►

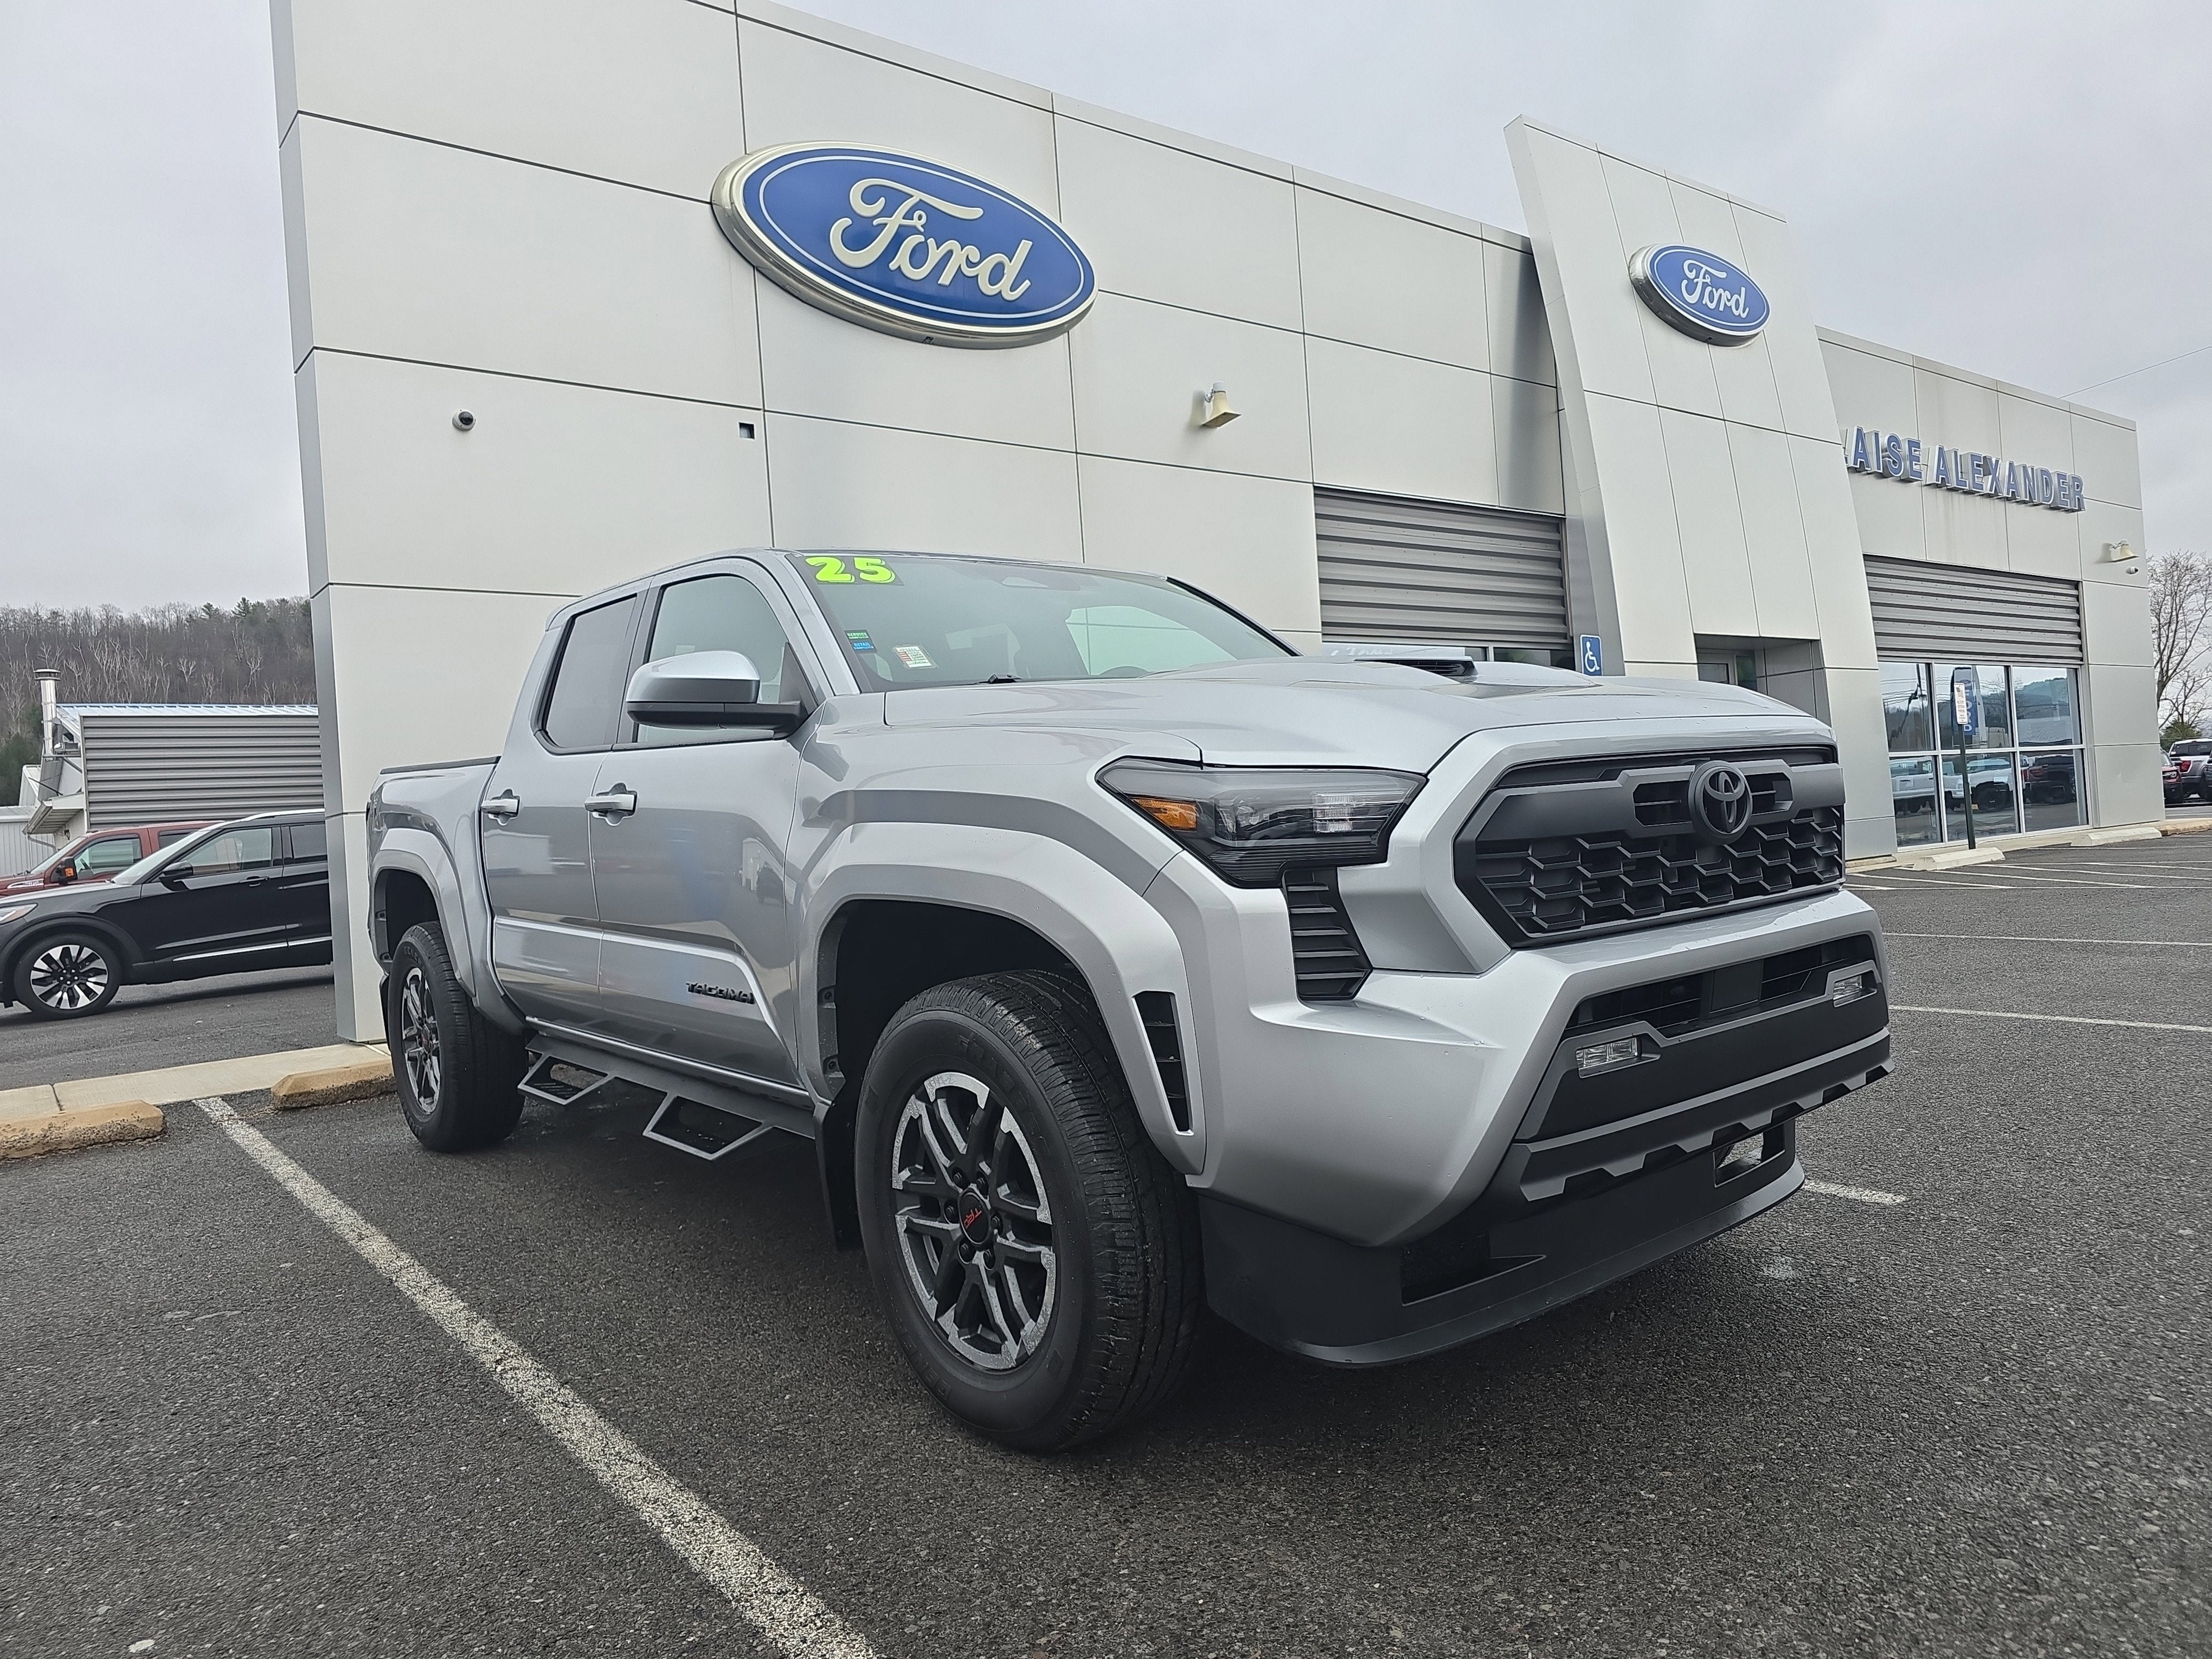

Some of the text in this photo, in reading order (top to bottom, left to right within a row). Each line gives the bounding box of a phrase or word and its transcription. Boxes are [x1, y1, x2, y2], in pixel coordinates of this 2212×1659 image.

[830, 178, 1033, 301] Ford
[1681, 259, 1749, 318] Ford
[1844, 426, 2086, 512] AISE ALEXANDER
[805, 556, 896, 584] 25
[685, 981, 755, 1005] TACOMA

◄

Exercise prompt ::
Apart from the pictures, the whole listing should be reproduced exactly.

Task solution ::
Some of the text in this photo, in reading order (top to bottom, left to right within a row). Each line gives the bounding box of a phrase or word and its transcription. Boxes are [x1, y1, x2, y2], in pixel coordinates of this 2212×1659 image.

[830, 178, 1033, 301] Ford
[1681, 259, 1749, 318] Ford
[1844, 426, 2086, 512] AISE ALEXANDER
[805, 556, 896, 584] 25
[685, 981, 755, 1005] TACOMA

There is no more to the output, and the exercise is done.